Brief: In your copy, leave out the pictures and repeat every record exactly.

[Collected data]
________________________

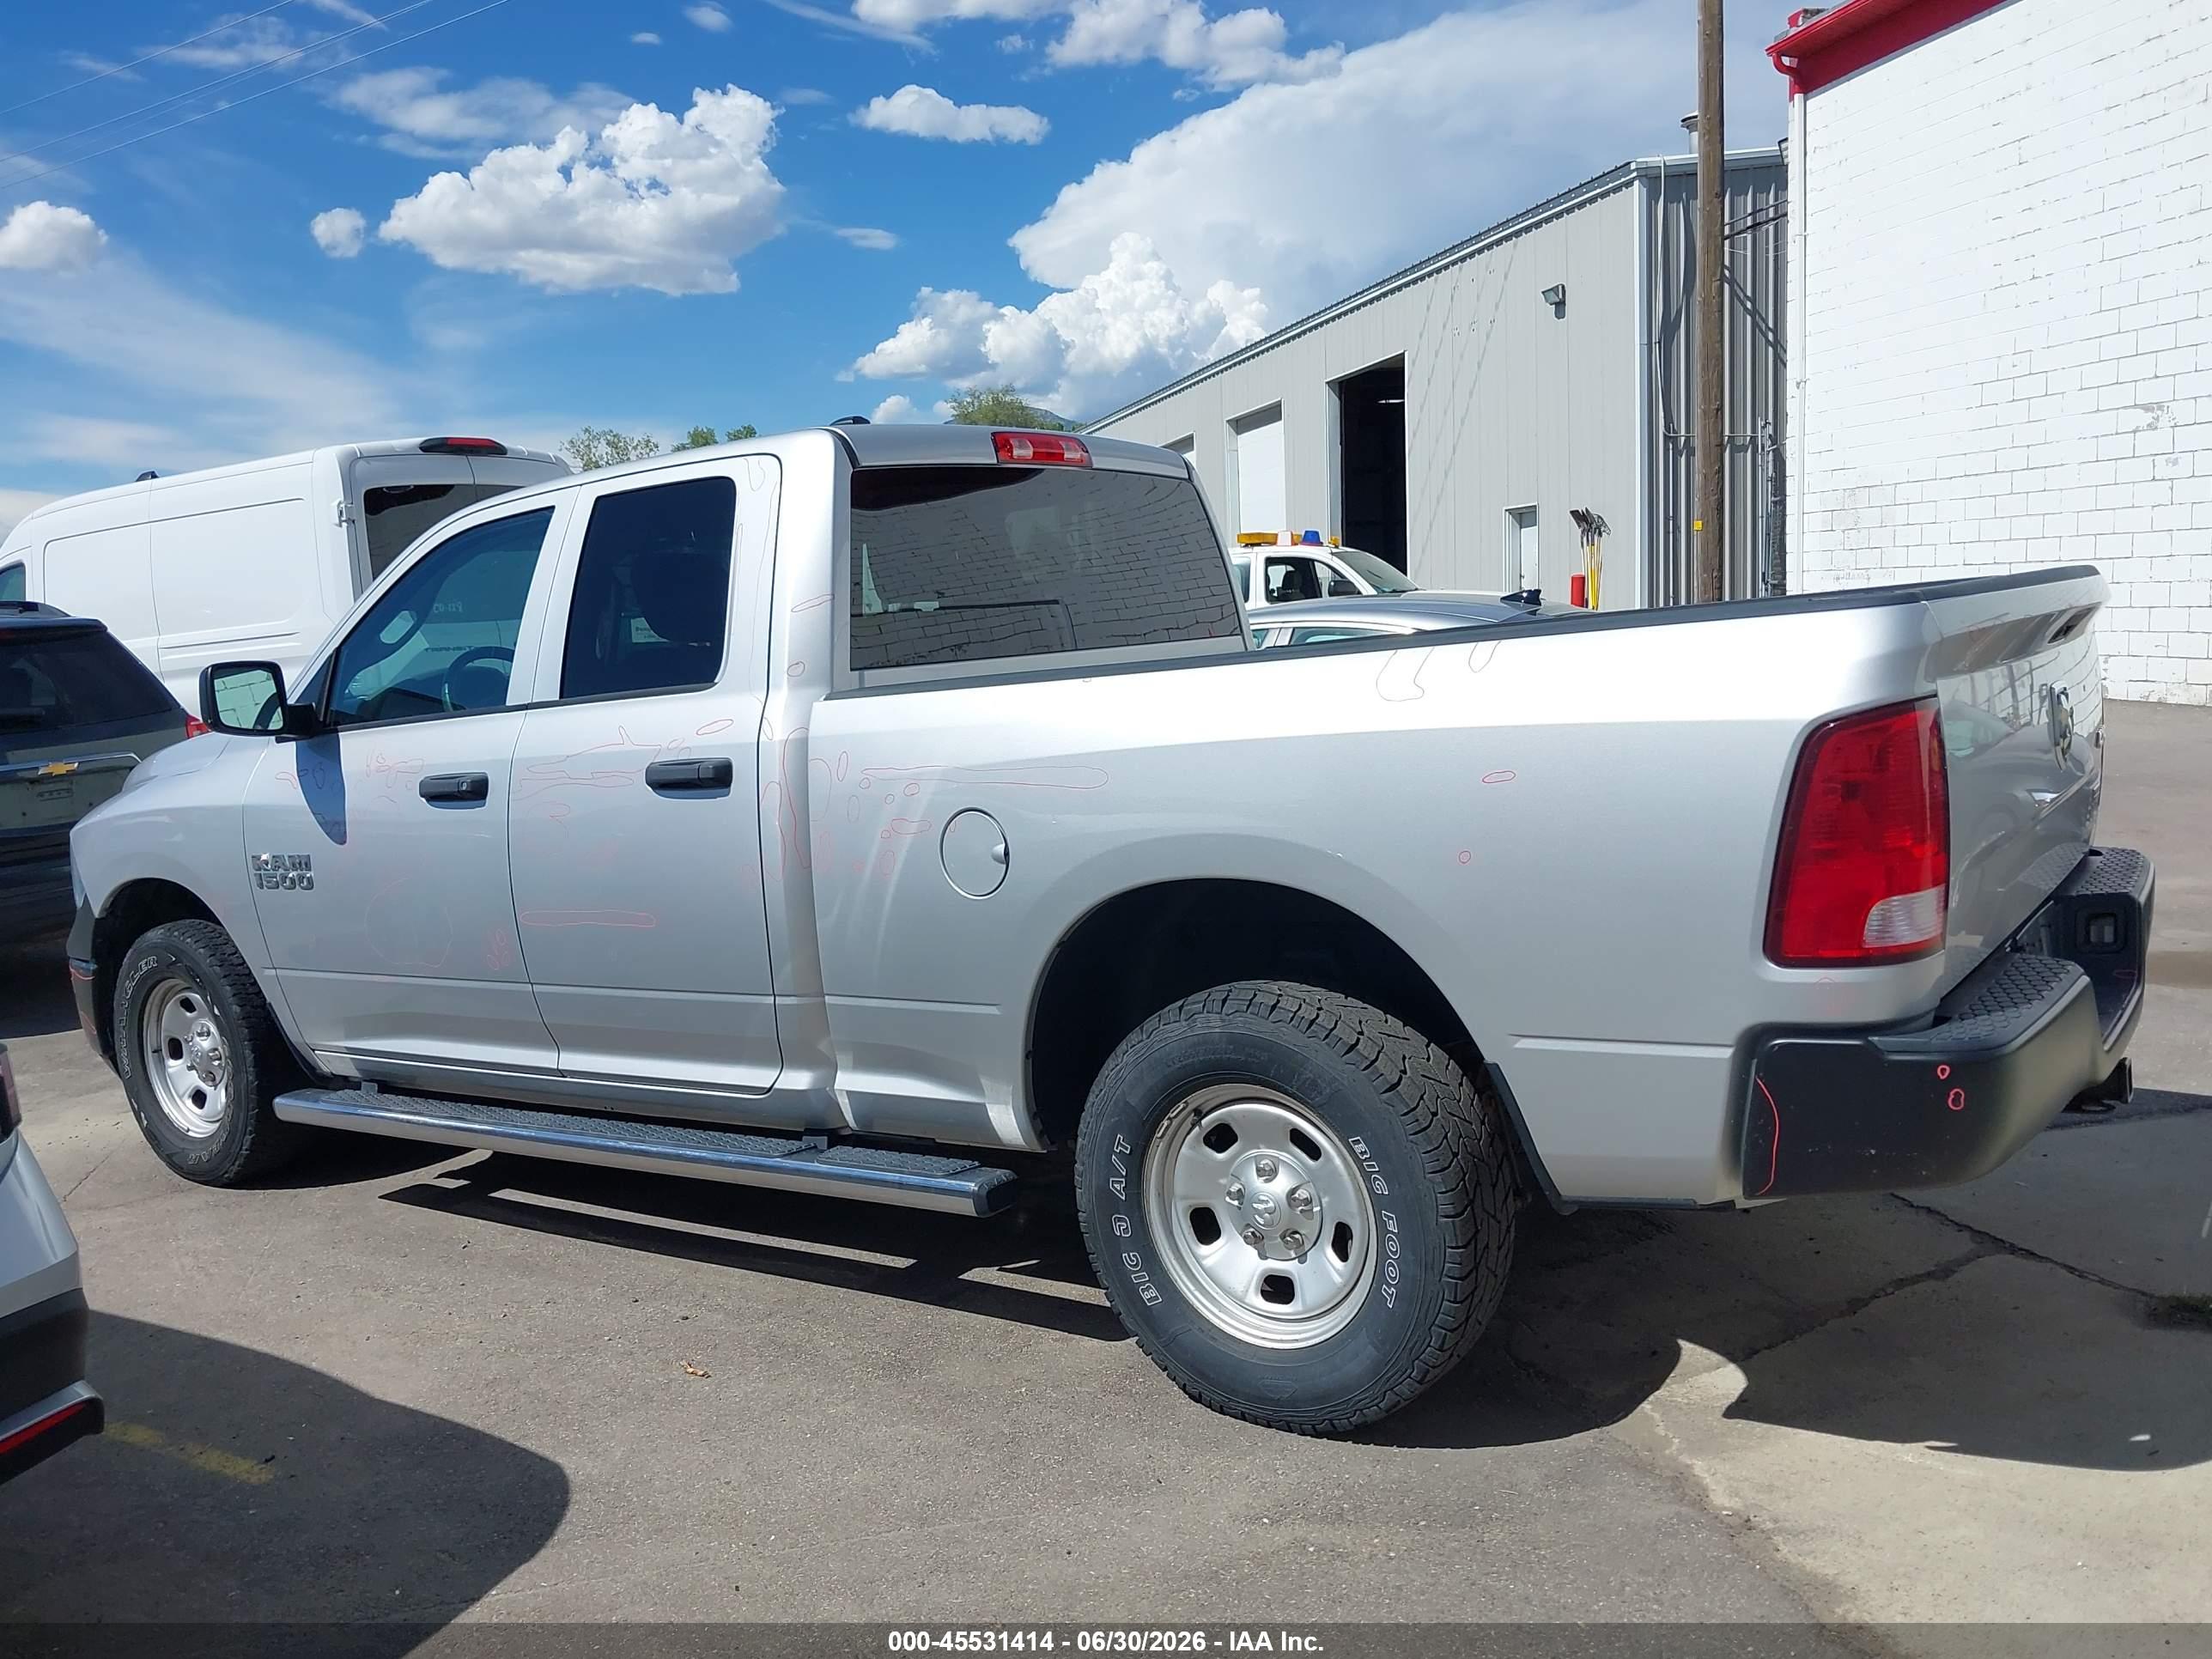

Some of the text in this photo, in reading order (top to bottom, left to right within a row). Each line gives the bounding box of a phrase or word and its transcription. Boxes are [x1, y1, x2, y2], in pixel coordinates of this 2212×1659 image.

[252, 854, 312, 872] RAM
[254, 872, 314, 890] 1500
[1109, 1133, 1131, 1200] A/T
[1348, 1136, 1401, 1309] BIG FOOT
[1122, 1251, 1162, 1305] BIG
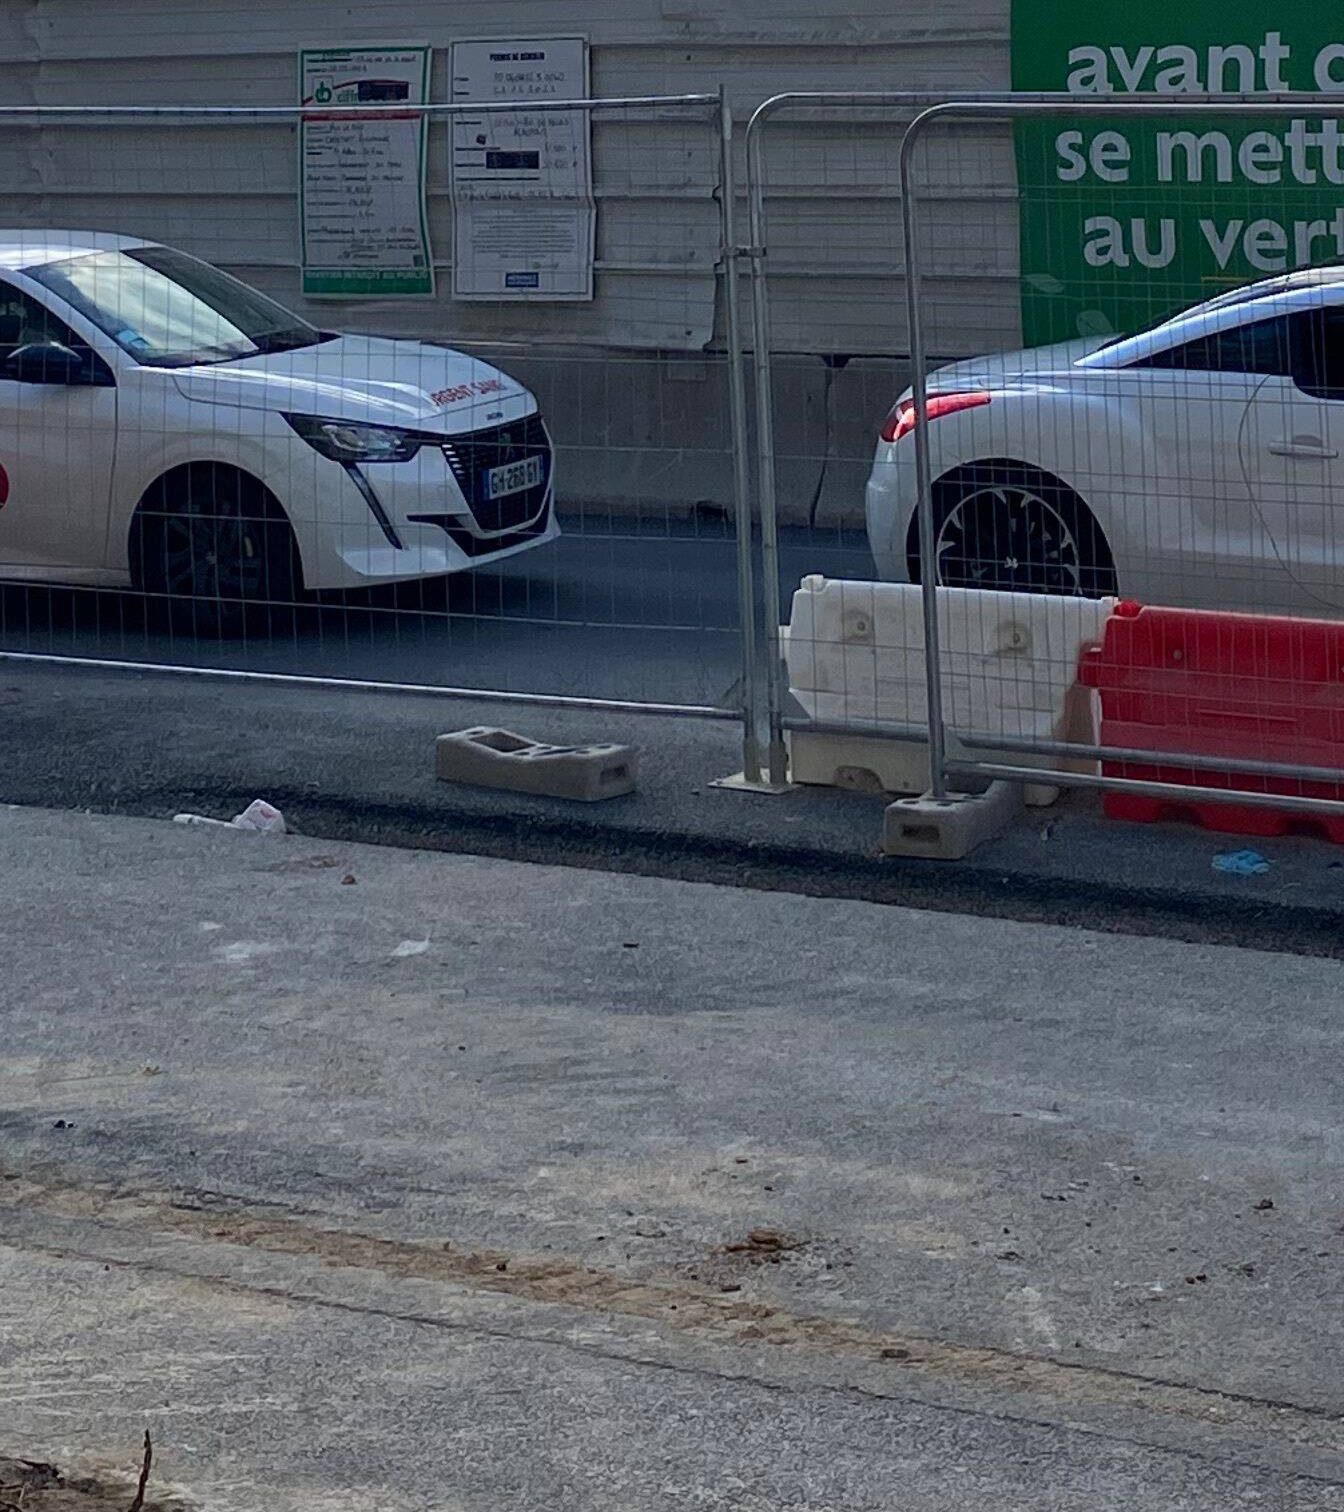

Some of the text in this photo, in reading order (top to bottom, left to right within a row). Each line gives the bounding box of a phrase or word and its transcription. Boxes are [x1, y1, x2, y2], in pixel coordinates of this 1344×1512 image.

[1067, 31, 1290, 92] avant
[1055, 130, 1130, 182] se
[1083, 216, 1175, 268] au
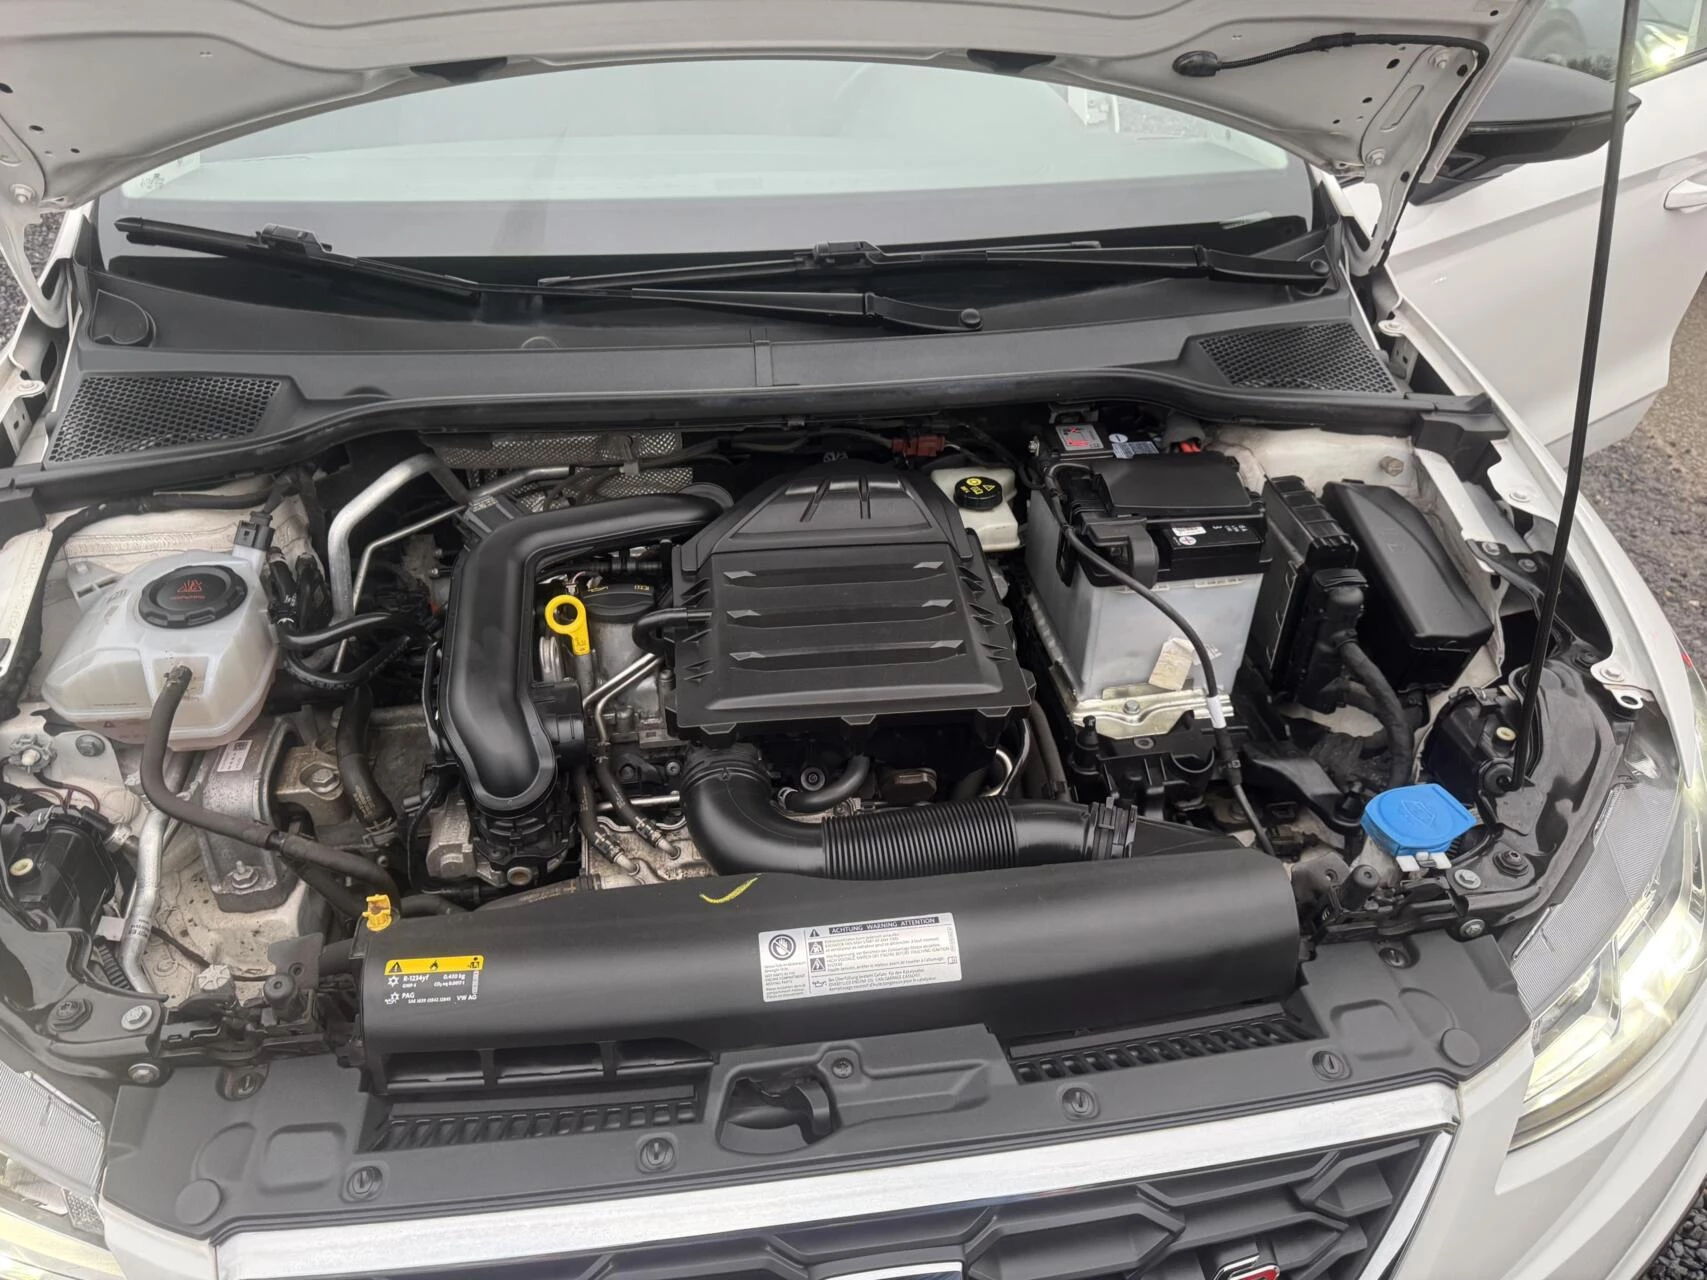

________________________

Answer section:
Some of the text in this photo, in reading order (top to bottom, left to right within a row). Each line gives the bounding box of a phrase or word and its transcription. Boxes are [x1, y1, x2, y2], in pixel coordinates of this 2212×1659 image.

[252, 854, 312, 872] RAM
[254, 872, 314, 890] 1500
[1109, 1133, 1131, 1200] A/T
[1348, 1136, 1401, 1309] BIG FOOT
[1122, 1251, 1162, 1305] BIG

Some of the text in this photo, in reading order (top to bottom, left to right within a row). Each line gives the bounding box of a phrase or word and its transcription. Boxes are [x1, y1, x2, y2], in pixel coordinates of this 1344×1512 image.

[1067, 31, 1290, 92] avant
[1055, 130, 1130, 182] se
[1083, 216, 1175, 268] au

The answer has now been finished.